- _Exercise goal_
Beginning with the line that contains "this 1600×1066 image.", transcribe every line down to the end of the entries, exactly, and no other lines.

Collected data
* * *

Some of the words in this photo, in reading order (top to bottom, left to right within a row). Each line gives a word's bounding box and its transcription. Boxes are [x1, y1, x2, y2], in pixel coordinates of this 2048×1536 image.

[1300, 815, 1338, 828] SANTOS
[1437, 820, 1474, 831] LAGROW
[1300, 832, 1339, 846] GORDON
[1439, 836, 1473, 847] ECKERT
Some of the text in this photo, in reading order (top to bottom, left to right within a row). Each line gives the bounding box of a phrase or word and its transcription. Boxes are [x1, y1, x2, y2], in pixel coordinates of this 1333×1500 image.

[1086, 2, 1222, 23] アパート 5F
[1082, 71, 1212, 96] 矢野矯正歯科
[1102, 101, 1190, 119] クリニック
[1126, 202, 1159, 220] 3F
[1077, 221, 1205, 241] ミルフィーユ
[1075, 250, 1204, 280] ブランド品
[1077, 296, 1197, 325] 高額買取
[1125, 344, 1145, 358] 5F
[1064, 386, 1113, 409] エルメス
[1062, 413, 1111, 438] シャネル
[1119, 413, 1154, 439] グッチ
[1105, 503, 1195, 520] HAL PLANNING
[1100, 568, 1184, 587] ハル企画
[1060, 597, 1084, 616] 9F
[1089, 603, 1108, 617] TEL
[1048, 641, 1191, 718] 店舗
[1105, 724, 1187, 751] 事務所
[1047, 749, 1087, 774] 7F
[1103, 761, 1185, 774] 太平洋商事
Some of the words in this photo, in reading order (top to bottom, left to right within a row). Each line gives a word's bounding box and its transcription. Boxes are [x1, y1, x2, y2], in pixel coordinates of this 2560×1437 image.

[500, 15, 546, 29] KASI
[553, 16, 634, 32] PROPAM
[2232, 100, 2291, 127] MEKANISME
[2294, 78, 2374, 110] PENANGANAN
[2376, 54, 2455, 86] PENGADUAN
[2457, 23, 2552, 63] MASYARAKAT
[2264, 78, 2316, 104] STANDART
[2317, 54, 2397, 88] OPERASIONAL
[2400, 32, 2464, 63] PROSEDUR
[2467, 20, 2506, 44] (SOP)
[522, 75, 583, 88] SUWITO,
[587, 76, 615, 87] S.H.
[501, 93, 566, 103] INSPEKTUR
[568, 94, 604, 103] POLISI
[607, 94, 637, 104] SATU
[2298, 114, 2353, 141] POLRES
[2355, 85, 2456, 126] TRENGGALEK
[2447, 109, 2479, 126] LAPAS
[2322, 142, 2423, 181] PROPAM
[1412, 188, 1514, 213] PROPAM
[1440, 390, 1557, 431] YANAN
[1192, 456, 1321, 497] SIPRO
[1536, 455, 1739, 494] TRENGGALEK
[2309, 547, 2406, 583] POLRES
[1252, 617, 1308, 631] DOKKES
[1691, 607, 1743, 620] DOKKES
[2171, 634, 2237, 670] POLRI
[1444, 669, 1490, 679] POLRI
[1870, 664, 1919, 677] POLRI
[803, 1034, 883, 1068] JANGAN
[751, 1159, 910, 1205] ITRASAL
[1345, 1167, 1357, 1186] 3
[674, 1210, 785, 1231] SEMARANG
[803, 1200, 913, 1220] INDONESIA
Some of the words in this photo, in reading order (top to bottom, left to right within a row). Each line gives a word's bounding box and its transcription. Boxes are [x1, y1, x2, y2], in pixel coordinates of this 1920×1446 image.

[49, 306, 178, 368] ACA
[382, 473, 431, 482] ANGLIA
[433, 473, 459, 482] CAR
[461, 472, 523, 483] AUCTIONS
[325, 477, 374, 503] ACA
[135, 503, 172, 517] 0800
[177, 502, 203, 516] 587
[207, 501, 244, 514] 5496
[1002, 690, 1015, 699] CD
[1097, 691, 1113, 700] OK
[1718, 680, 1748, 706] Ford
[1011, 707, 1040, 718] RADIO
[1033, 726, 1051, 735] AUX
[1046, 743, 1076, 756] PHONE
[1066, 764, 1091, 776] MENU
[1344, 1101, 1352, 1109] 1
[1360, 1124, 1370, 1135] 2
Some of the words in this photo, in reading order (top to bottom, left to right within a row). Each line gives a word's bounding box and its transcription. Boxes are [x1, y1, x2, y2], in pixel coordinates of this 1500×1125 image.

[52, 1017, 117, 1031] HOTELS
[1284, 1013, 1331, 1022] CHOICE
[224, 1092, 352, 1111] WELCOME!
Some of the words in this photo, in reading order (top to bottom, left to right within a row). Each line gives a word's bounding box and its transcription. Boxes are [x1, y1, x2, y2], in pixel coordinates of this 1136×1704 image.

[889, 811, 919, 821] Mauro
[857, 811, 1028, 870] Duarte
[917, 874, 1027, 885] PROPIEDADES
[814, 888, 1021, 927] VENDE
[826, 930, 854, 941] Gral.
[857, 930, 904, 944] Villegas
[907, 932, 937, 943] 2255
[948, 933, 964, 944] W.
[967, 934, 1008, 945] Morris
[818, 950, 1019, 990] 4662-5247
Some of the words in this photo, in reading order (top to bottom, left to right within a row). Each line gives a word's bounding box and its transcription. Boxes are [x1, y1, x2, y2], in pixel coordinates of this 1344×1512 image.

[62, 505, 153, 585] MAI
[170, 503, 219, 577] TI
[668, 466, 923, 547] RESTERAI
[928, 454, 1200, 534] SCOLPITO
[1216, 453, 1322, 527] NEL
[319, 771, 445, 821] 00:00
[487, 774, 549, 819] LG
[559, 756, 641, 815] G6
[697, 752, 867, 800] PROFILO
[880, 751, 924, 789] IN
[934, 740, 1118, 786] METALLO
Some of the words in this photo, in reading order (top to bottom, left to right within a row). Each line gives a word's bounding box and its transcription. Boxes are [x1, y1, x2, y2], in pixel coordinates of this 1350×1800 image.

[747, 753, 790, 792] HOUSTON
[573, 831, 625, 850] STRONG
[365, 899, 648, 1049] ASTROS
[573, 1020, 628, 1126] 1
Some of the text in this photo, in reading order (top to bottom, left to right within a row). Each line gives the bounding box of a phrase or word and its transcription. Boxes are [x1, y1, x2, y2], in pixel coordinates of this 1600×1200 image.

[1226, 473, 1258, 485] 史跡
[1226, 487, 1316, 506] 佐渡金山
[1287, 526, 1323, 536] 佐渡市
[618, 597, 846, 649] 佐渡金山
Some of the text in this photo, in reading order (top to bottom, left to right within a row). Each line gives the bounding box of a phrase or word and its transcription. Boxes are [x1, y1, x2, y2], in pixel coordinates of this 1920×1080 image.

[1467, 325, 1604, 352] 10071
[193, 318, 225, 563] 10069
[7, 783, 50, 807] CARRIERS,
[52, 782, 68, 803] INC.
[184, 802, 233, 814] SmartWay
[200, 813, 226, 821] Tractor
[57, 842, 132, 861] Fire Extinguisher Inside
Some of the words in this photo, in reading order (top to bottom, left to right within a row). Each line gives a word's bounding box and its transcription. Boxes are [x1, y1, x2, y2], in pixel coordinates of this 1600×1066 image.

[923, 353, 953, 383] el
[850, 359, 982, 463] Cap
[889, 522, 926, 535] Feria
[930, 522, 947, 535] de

* * *

- _Completed task_
Some of the words in this photo, in reading order (top to bottom, left to right within a row). Each line gives a word's bounding box and its transcription. Boxes are [x1, y1, x2, y2], in pixel coordinates of this 1600×1066 image.

[923, 353, 953, 383] el
[850, 359, 982, 463] Cap
[889, 522, 926, 535] Feria
[930, 522, 947, 535] de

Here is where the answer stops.